It is recommended for users to run data preparation (instructions are available in the next section) outside the docker if possible. Note that the dataset directory should be an absolute path. Inside the docker, run the following command to install the codebase:

```bash
cd /home/coopdet3d
python setup.py develop
```

Finally, you can create a symbolic link `/home/coopdet3d/data/tumtraf_i` to `/home/data/tumtraf_i` and `/home/coopdet3d/data/tumtraf_v2x_cooperative_perception_dataset` to `/home/data/tumtraf_v2x_cooperative_perception_dataset` in the docker.
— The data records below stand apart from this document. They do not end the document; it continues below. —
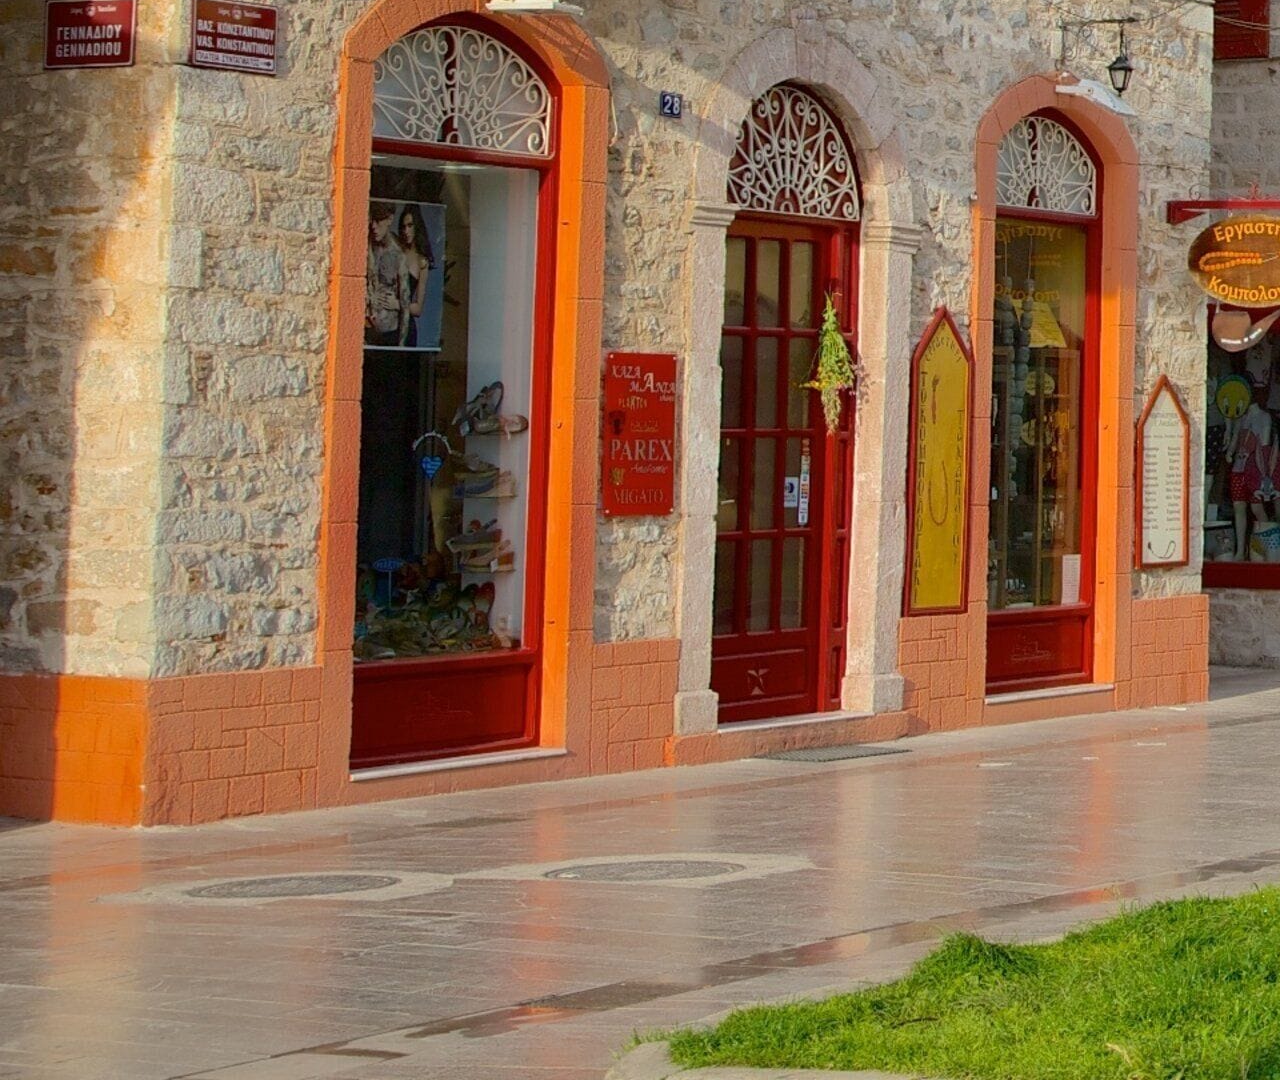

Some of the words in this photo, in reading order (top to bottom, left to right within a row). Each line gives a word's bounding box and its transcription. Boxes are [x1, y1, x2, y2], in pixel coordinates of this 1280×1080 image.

[56, 24, 122, 41] ΓΕΝΝΑΔΙΟΥ
[55, 41, 122, 58] GENNADIOU
[216, 36, 275, 56] KONSTANTINOU
[663, 94, 681, 115] 28
[610, 439, 673, 462] PAREX
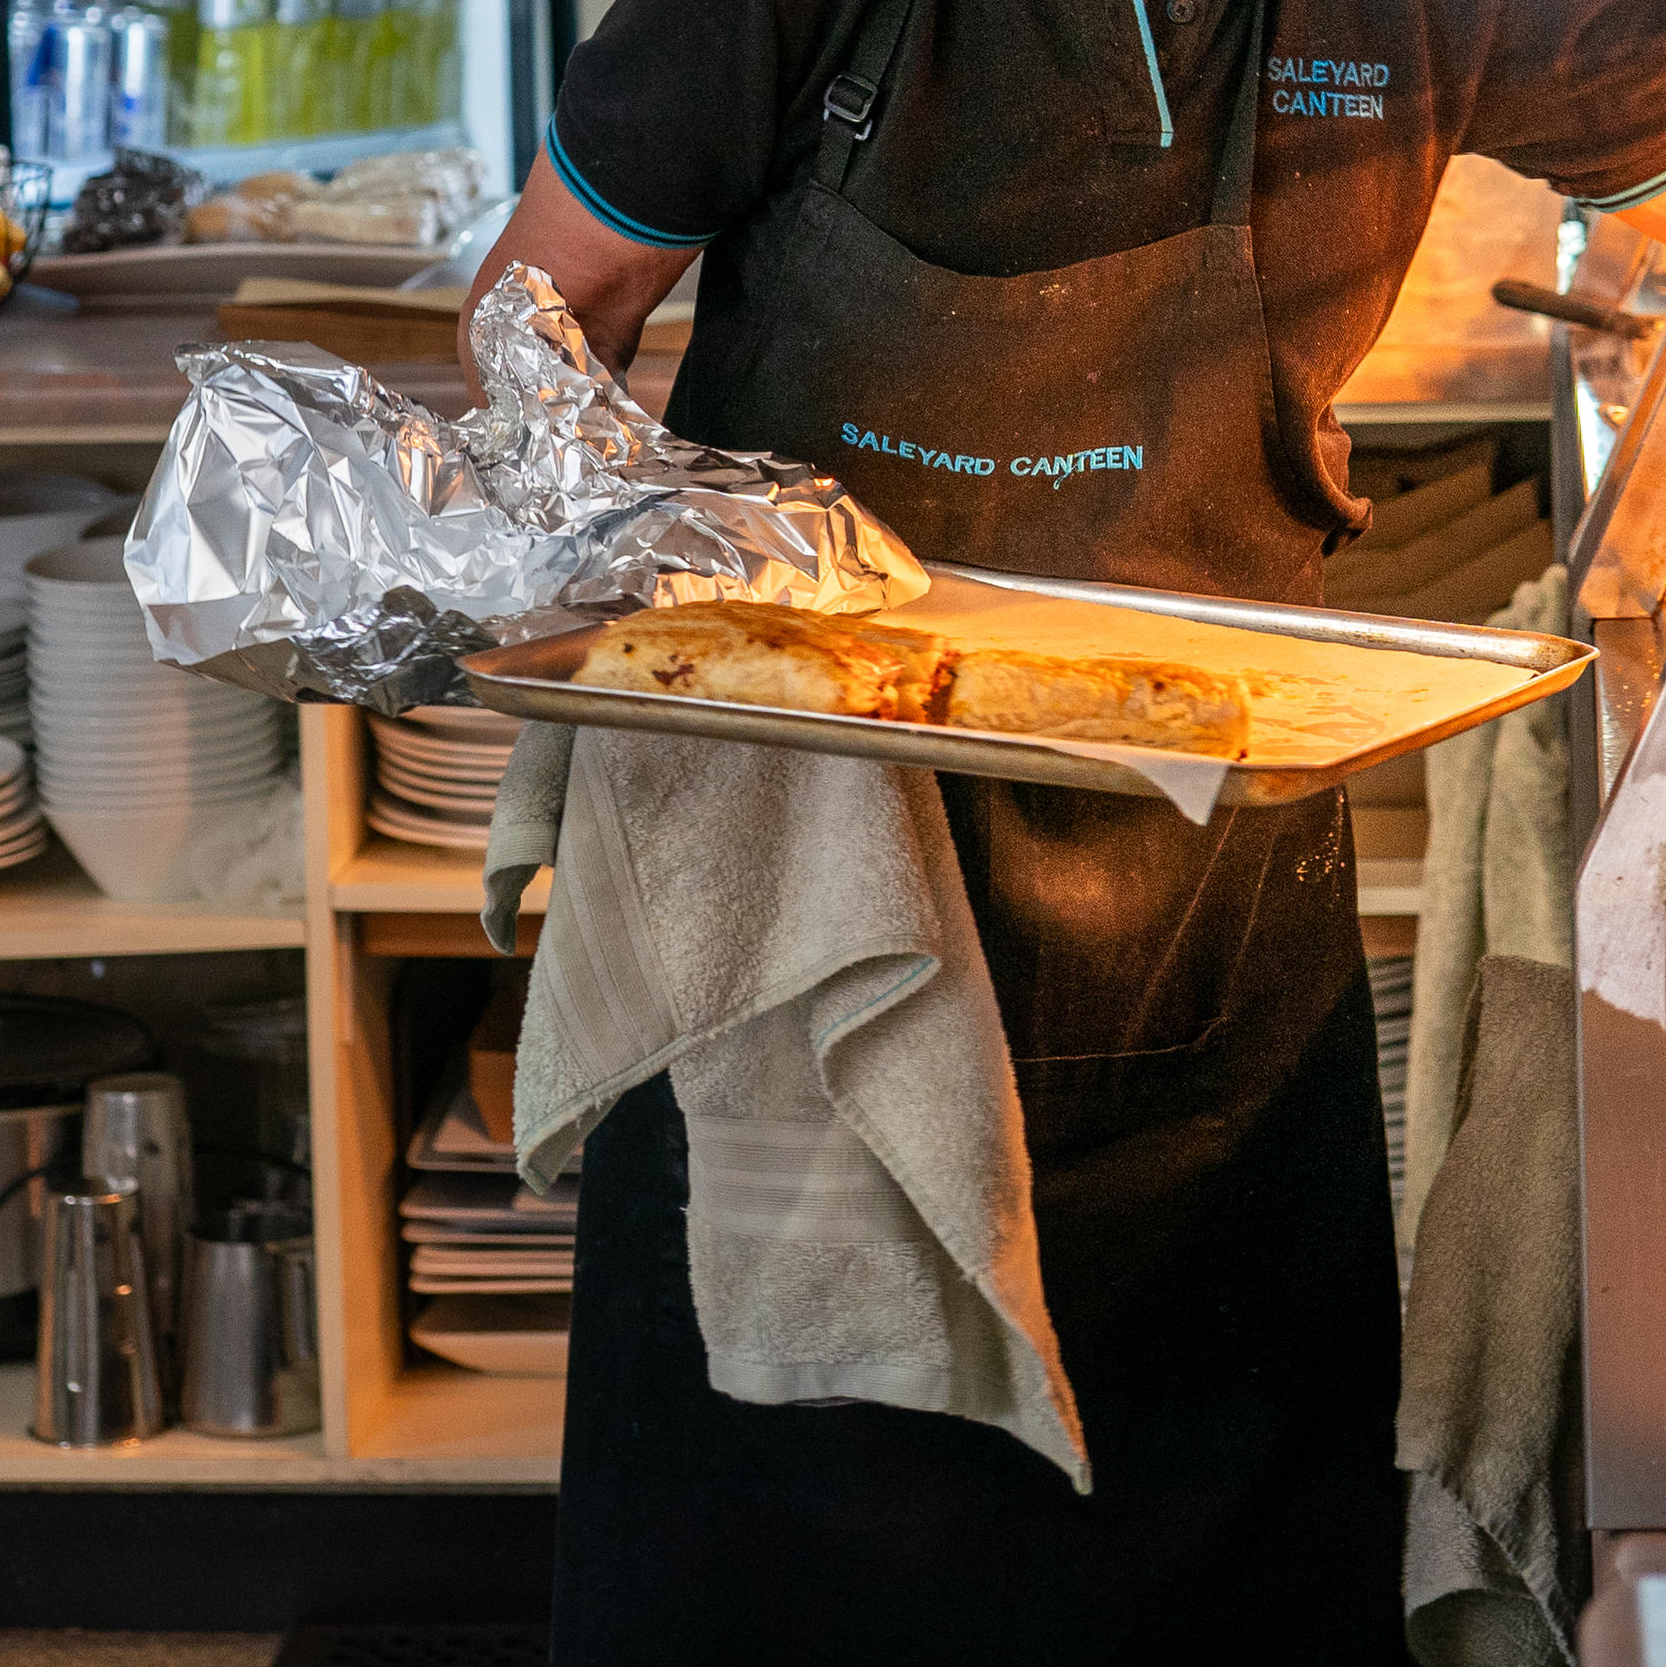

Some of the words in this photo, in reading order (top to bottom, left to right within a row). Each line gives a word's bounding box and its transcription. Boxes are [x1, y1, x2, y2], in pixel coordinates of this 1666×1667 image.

[1267, 55, 1391, 88] SALEYARD
[1272, 88, 1385, 121] CANTEEN
[840, 421, 996, 477] SALEYARD
[1009, 445, 1144, 480] CANTEEN
### Working without Docker

The code is built with following libraries:

- Python >= 3.8, \<3.9
- OpenMPI = 4.0.4 and mpi4py = 3.0.3 (Needed for torchpack)
- Pillow = 8.4.0 (see [here](https://github.com/mit-han-lab/bevfusion/issues/63))
- [PyTorch](https://github.com/pytorch/pytorch) >= 1.9, \<= 1.10.2
- [tqdm](https://github.com/tqdm/tqdm)
- [torchpack](https://github.com/mit-han-lab/torchpack)
- [mmcv](https://github.com/open-mmlab/mmcv) = 1.4.0
- [mmdetection](http://github.com/open-mmlab/mmdetection) = 2.20.0
- [nuscenes-dev-kit](https://github.com/nutonomy/nuscenes-devkit)
- Latest versions of numba, [torchsparse](https://github.com/mit-han-lab/torchsparse), pypcd, and Open3D

After installing these dependencies, run this command to install the codebase:

```bash
python setup.py develop
```

### Data Preparation

#### TUMTraf Intersection Dataset

Run this script for data preparation:

```bash
python ./tools/create_tumtraf_data.py --root-path /home/coopdet3d/data/tumtraf_i --out-dir /home/coopdet3d/data/tumtraf_i_processed --splits training,validation
```

After data preparation, you will be able to see the following directory structure:

```
coopdet3d
├── mmdet3d
├── tools
├── configs
├── data
│ ├── tumtraf_i
| | ├── train
| | ├── val
| ├── tumtraf_i_processed
│ │ ├── tumtraf_nusc_gt_database
| | ├── train
| | ├── val
│ │ ├── tumtraf_nusc_infos_train.pkl
│ │ ├── tumtraf_nusc_infos_val.pkl
│ │ ├── tumtraf_nusc_dbinfos_train.pkl

```

#### TUMTraf V2X Cooperative Perception Dataset

Run this script for data preparation:

```bash
python ./tools/create_tumtraf_v2x_data.py --root-path /home/coopdet3d/data/tumtraf_v2x_cooperative_perception_dataset --out-dir /home/coopdet3d/data/tumtraf_v2x_cooperative_perception_dataset_processed --splits training,validation
```

After data preparation, you will be able to see the following directory structure:

```
coopdet3d
├── mmdet3d
├── tools
├── configs
├── data
│ ├── tumtraf_v2x_cooperative_perception_dataset
| | ├── train
| | ├── val
| ├── tumtraf_v2x_cooperative_perception_dataset_processed
│ │ ├── tumtraf_v2x_nusc_gt_database
| | ├── train
| | ├── val
│ │ ├── tumtraf_v2x_nusc_infos_train.pkl
│ │ ├── tumtraf_v2x_nusc_infos_val.pkl
│ │ ├── tumtraf_v2x_nusc_dbinfos_train.pkl

```

### Training

**NOTE 1:** If you want to use a YOLOv8 `.pth` file from MMYOLO, please make sure the keys inside fit with this model. Convert that `.pth` checkpoint using this converter: `./tools/convert_yolo_checkpoint.py`.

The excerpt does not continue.